The FSE Support and Safety Nets

It is important, in principle, not to give the FSE to others by yourself – though circumstances might make this difficult. There are six nets below to support you and your receivers in the FSE. The first net is the normal support you need to have in giving the FSE.

The safety nets also set sensible boundaries and list situations where the appropriate response to help your receiver is to help them find professional help. This is the situation with the second to fourth nets.

The fifth net is the sphere of all living organisms and creation. Opening yourself to creation can often bring support and peace. The sixth net is mystical. It is that of the Trinity, the Creator, Jesus and Holy Spirit. Learn to see the Trinity in all things because personal Trinitarian relationships will always support and guide you.

Team – Mentor – Partner

Join or form a team of givers to offer the FSE to others. Find a mentor and partner to work with. The FSE Cloud community can help you here. If you are isolated from city centres, you can receive support via Skype, phone or email.

Christian Ministers

Create a list of all local churches, their priests and ministers, pastoral associates, spirituality groups, lay christian initiatives and web sites.
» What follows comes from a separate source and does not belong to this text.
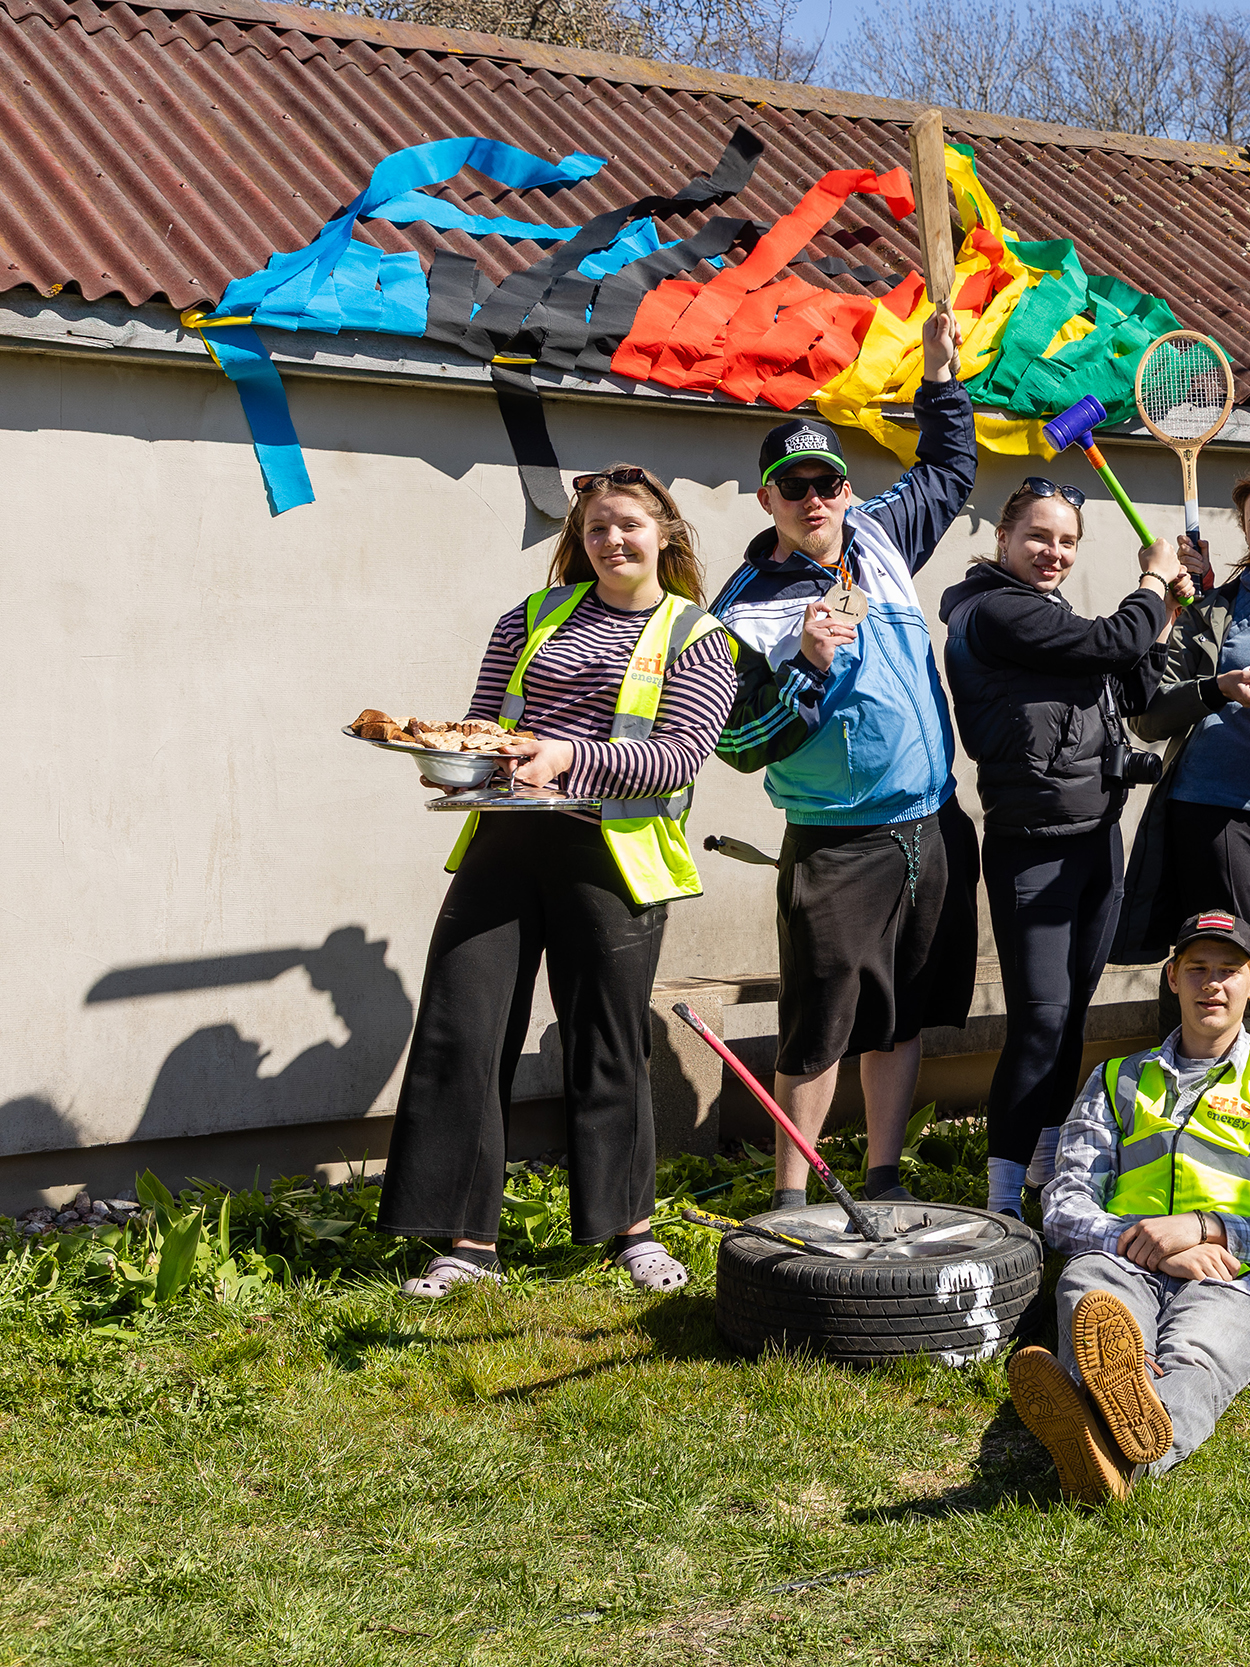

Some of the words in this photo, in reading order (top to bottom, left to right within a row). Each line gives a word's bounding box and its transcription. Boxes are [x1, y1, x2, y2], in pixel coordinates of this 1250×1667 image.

[795, 442, 822, 450] CAMP
[631, 672, 662, 689] energ
[1207, 1110, 1250, 1130] energy
Most religious orders also specialise in pastoral ministries.

Spiritual Directors

Make up a local list of professionally trained spiritual directors, spirituality centres, and web contacts for the same. Remember the FSE is ecumenical, so look at what all the christian spirituality centres are offering.

Counsellors

Before you or your team give the FSE make up a local list of doctors, counselors, therapists, christian social services and local health services. Have contact details to hand. Many counselling services have websites.

All Creation

You may be surprised, that in the lack of help from the first four nets, you receive real support from living organisms and even creation itself. You go for that walk in nature, or sit within it in silence, to return home with energy or insight.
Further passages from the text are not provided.